TASK MATERIAL Start Marker
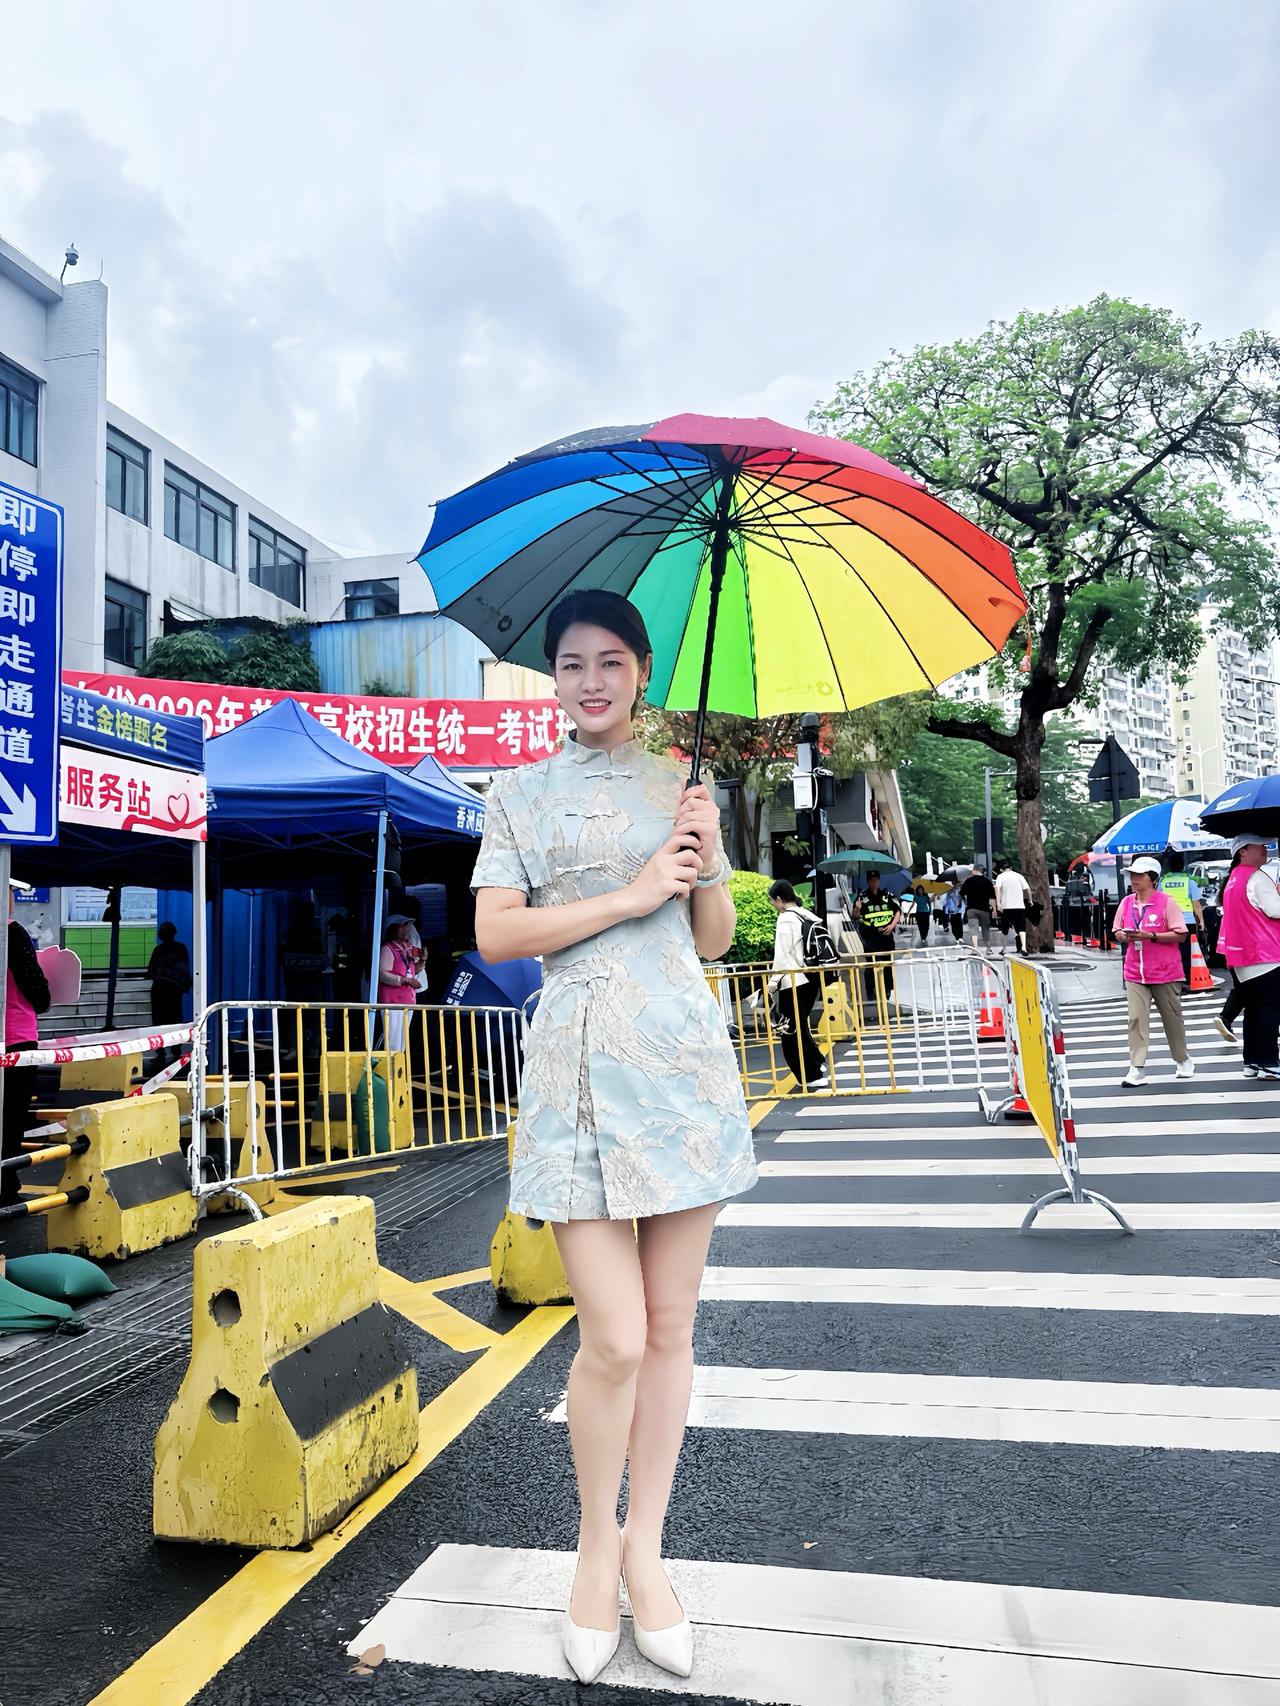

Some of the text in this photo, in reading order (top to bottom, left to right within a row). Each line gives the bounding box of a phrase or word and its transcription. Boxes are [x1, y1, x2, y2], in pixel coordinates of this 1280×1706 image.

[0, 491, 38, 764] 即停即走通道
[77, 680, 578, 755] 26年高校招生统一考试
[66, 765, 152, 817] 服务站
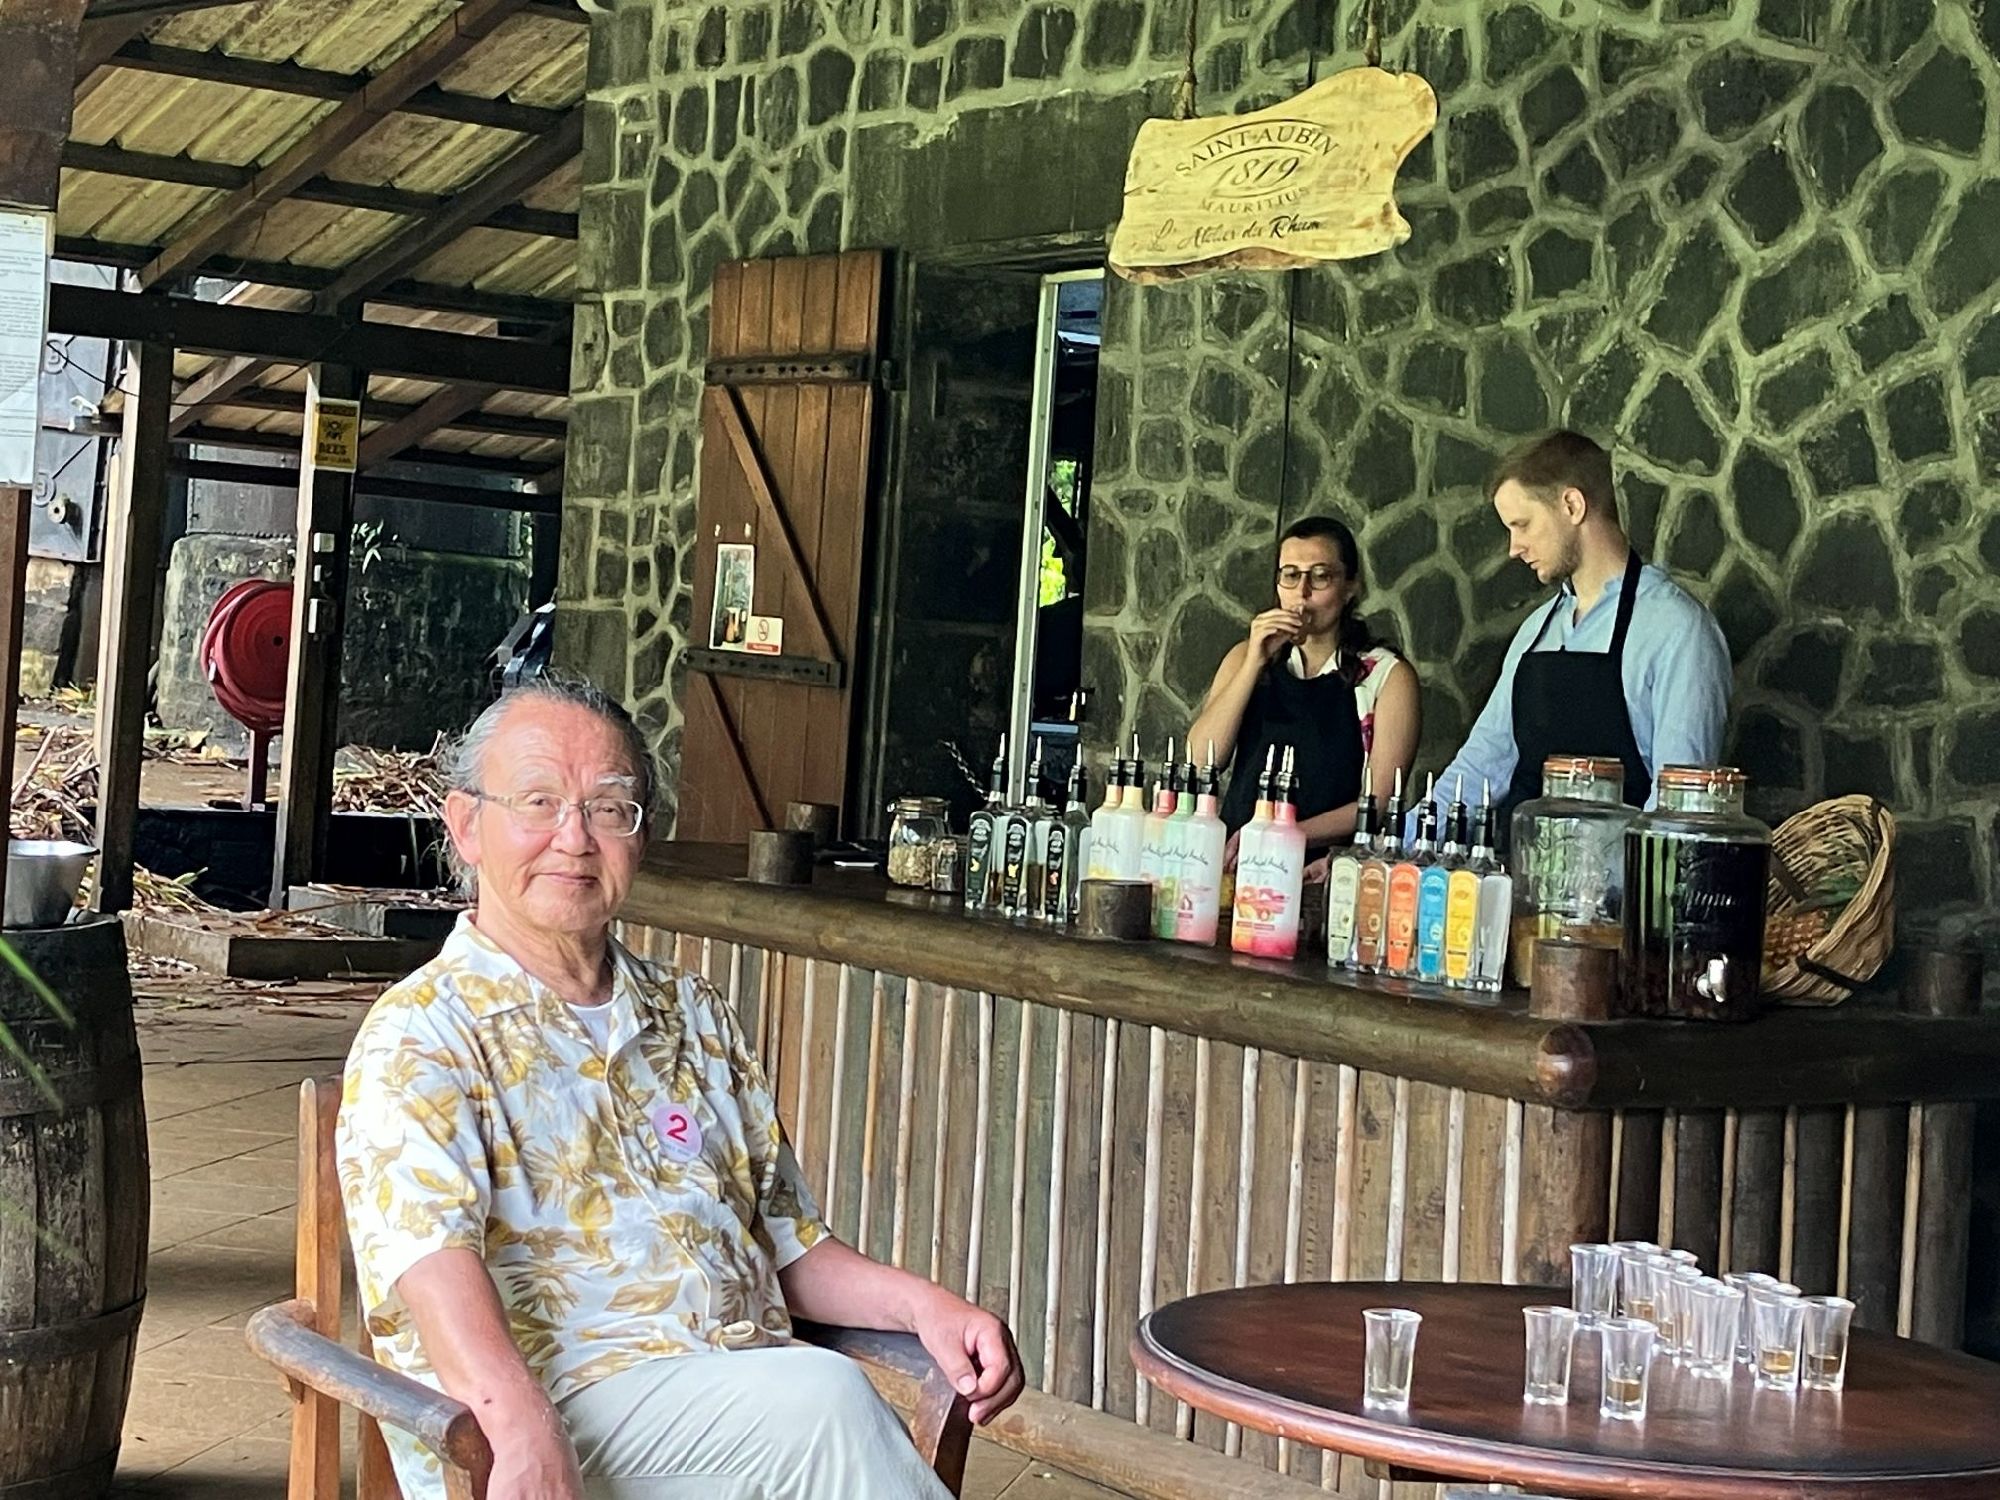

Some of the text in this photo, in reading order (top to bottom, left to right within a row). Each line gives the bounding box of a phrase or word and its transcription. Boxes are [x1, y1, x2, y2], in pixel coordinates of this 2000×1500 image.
TASK MATERIAL End Marker
TASK MATERIAL Start Marker
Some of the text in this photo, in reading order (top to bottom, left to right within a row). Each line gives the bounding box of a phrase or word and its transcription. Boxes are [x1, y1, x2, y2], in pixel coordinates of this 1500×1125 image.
TASK MATERIAL End Marker
TASK ITEM: Word for word, restate the lines above from the one with "this 1280×1706 image." through the one with "this 2000×1500 image.", keeping both ends and dropping the pictures.

RESPONSE:
Some of the text in this photo, in reading order (top to bottom, left to right within a row). Each line gives the bounding box of a phrase or word and its transcription. Boxes are [x1, y1, x2, y2], in pixel coordinates of this 1280×1706 image.

[0, 491, 38, 764] 即停即走通道
[77, 680, 578, 755] 26年高校招生统一考试
[66, 765, 152, 817] 服务站

Some of the text in this photo, in reading order (top to bottom, left to right within a row). Each line gives the bounding box of a phrase or word and its transcription. Boxes are [x1, y1, x2, y2], in pixel coordinates of this 2000×1500 image.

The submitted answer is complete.